Restate all the data word for word and omit the pictures.

***** Given entries

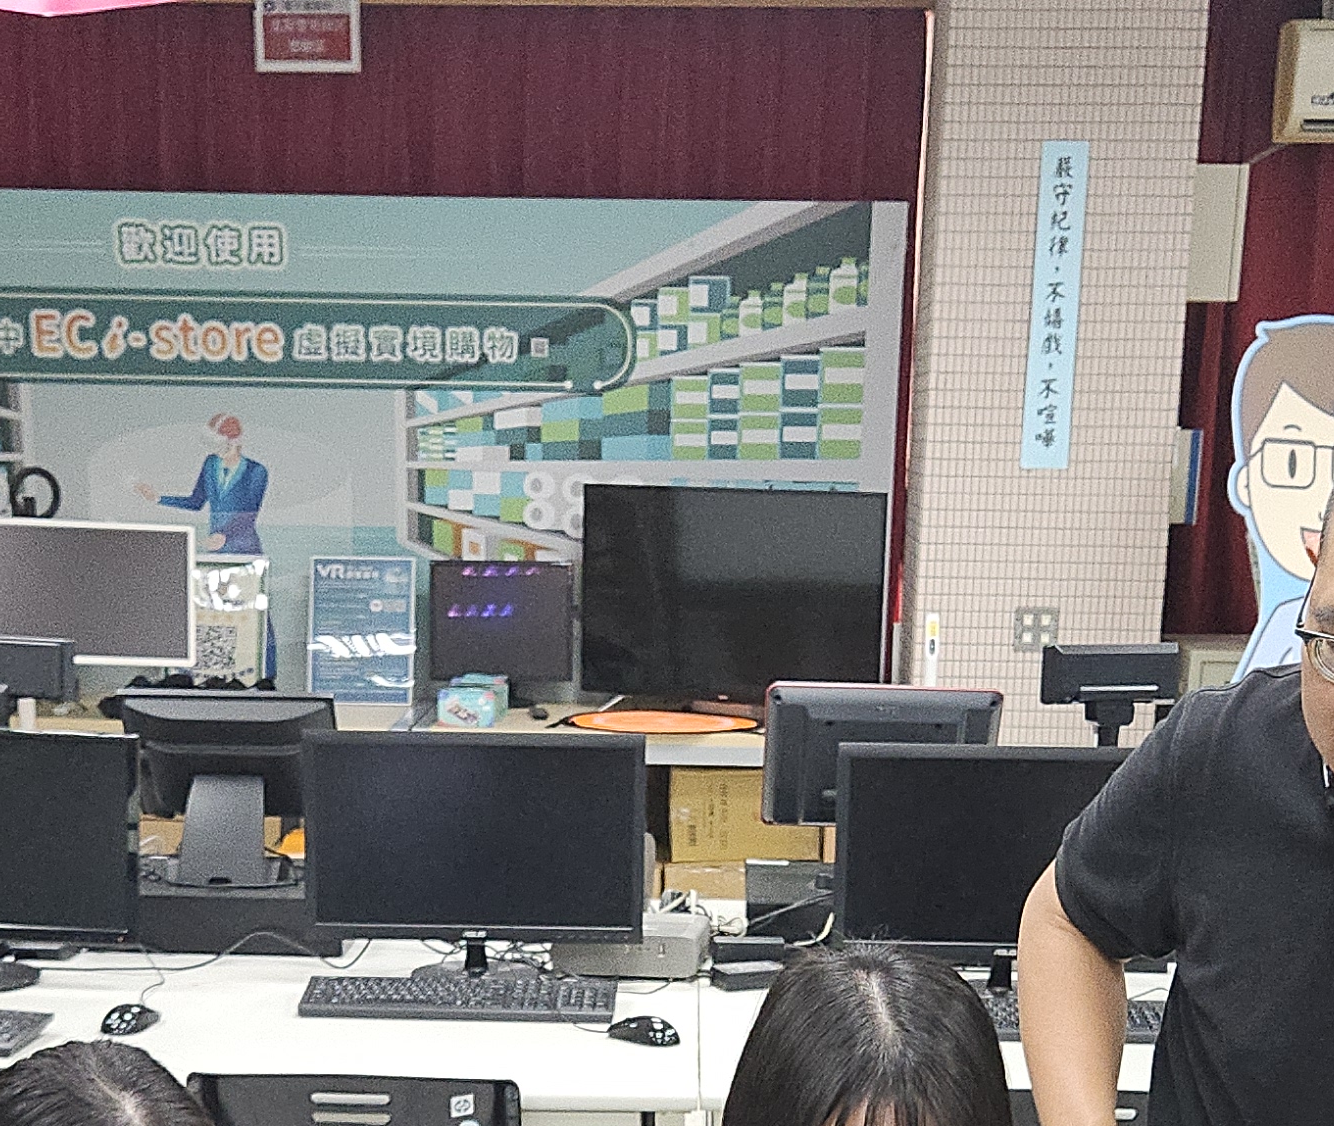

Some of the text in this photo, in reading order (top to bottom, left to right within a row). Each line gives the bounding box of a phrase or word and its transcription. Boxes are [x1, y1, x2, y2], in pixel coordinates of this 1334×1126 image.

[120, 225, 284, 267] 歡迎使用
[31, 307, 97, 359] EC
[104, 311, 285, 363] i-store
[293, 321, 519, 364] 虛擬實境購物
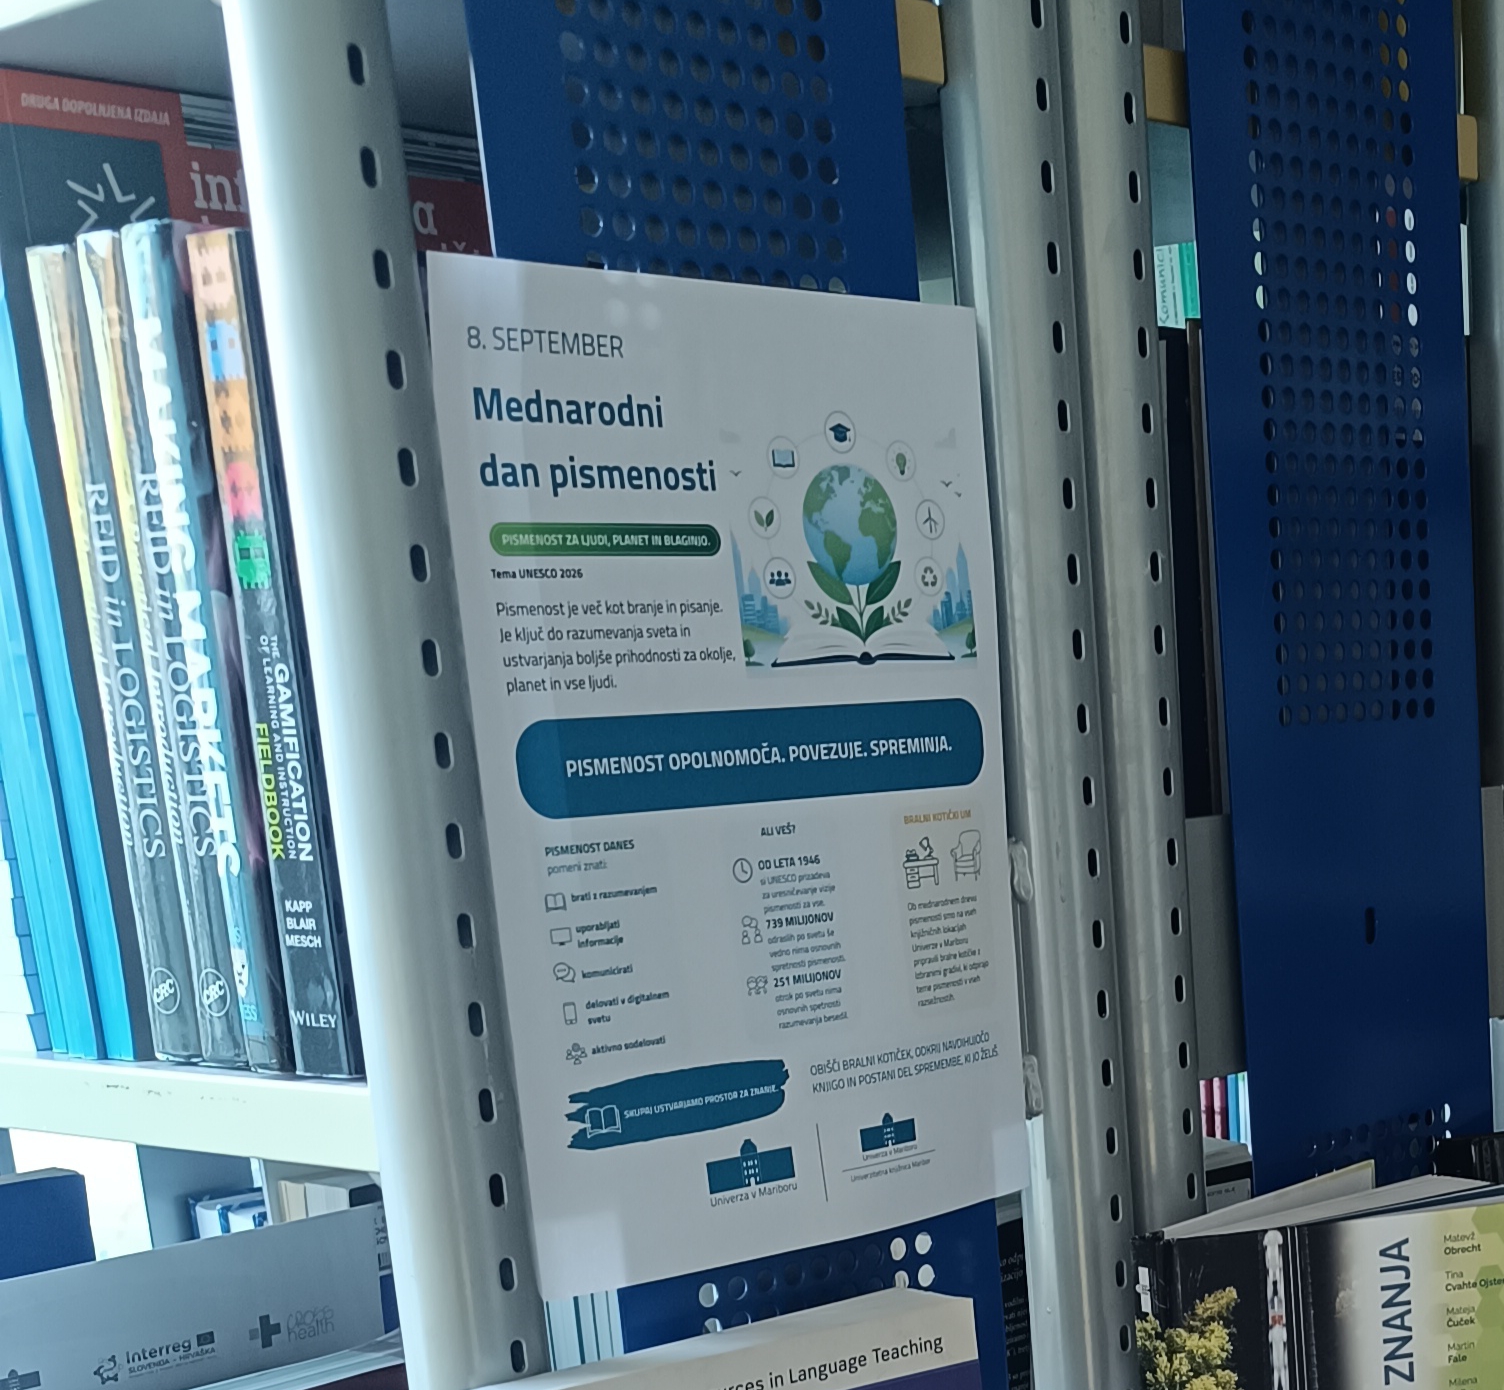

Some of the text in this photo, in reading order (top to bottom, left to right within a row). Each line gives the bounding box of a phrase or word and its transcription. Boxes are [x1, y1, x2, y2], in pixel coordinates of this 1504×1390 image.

**********

> _Task response_:
Some of the text in this photo, in reading order (top to bottom, left to right within a row). Each line gives the bounding box of a phrase or word and its transcription. Boxes are [x1, y1, x2, y2], in pixel coordinates of this 1334×1126 image.

[120, 225, 284, 267] 歡迎使用
[31, 307, 97, 359] EC
[104, 311, 285, 363] i-store
[293, 321, 519, 364] 虛擬實境購物

Some of the text in this photo, in reading order (top to bottom, left to right within a row). Each line gives the bounding box of a phrase or word and its transcription. Boxes are [x1, y1, x2, y2], in pixel coordinates of this 1504×1390 image.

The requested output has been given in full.